[[ Dataset records, beginning ]]
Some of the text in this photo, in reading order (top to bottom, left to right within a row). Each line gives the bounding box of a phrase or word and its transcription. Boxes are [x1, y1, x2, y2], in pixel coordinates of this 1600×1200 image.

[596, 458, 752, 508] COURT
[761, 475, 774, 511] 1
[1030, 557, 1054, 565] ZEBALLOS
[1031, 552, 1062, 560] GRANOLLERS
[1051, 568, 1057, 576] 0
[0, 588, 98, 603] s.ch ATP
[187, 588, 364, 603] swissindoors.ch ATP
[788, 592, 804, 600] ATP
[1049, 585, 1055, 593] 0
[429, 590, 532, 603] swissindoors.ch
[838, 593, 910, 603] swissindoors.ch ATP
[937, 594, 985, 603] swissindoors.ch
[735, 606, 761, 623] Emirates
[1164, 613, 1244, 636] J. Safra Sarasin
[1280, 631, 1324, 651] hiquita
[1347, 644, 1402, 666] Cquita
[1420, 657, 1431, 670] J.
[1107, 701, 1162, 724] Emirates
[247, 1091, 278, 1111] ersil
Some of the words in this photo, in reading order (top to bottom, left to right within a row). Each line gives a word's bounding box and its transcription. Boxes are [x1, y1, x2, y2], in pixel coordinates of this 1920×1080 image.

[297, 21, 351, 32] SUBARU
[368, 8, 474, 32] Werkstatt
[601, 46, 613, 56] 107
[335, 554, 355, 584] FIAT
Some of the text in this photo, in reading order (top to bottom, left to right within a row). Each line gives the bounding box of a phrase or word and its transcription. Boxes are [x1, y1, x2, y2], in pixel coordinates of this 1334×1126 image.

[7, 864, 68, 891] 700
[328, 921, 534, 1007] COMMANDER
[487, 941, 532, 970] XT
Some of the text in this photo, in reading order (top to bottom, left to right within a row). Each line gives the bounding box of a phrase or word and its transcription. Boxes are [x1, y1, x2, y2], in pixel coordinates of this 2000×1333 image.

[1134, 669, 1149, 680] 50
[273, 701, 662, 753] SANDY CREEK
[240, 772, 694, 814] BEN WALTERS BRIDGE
[[ Dataset records, end ]]
- **Task instructions**:
The entire listing is to be reproduced without alteration.

- **Task result**:
Some of the text in this photo, in reading order (top to bottom, left to right within a row). Each line gives the bounding box of a phrase or word and its transcription. Boxes are [x1, y1, x2, y2], in pixel coordinates of this 1600×1200 image.

[596, 458, 752, 508] COURT
[761, 475, 774, 511] 1
[1030, 557, 1054, 565] ZEBALLOS
[1031, 552, 1062, 560] GRANOLLERS
[1051, 568, 1057, 576] 0
[0, 588, 98, 603] s.ch ATP
[187, 588, 364, 603] swissindoors.ch ATP
[788, 592, 804, 600] ATP
[1049, 585, 1055, 593] 0
[429, 590, 532, 603] swissindoors.ch
[838, 593, 910, 603] swissindoors.ch ATP
[937, 594, 985, 603] swissindoors.ch
[735, 606, 761, 623] Emirates
[1164, 613, 1244, 636] J. Safra Sarasin
[1280, 631, 1324, 651] hiquita
[1347, 644, 1402, 666] Cquita
[1420, 657, 1431, 670] J.
[1107, 701, 1162, 724] Emirates
[247, 1091, 278, 1111] ersil
Some of the words in this photo, in reading order (top to bottom, left to right within a row). Each line gives a word's bounding box and its transcription. Boxes are [x1, y1, x2, y2], in pixel coordinates of this 1920×1080 image.

[297, 21, 351, 32] SUBARU
[368, 8, 474, 32] Werkstatt
[601, 46, 613, 56] 107
[335, 554, 355, 584] FIAT
Some of the text in this photo, in reading order (top to bottom, left to right within a row). Each line gives the bounding box of a phrase or word and its transcription. Boxes are [x1, y1, x2, y2], in pixel coordinates of this 1334×1126 image.

[7, 864, 68, 891] 700
[328, 921, 534, 1007] COMMANDER
[487, 941, 532, 970] XT
Some of the text in this photo, in reading order (top to bottom, left to right within a row). Each line gives the bounding box of a phrase or word and its transcription. Boxes are [x1, y1, x2, y2], in pixel coordinates of this 2000×1333 image.

[1134, 669, 1149, 680] 50
[273, 701, 662, 753] SANDY CREEK
[240, 772, 694, 814] BEN WALTERS BRIDGE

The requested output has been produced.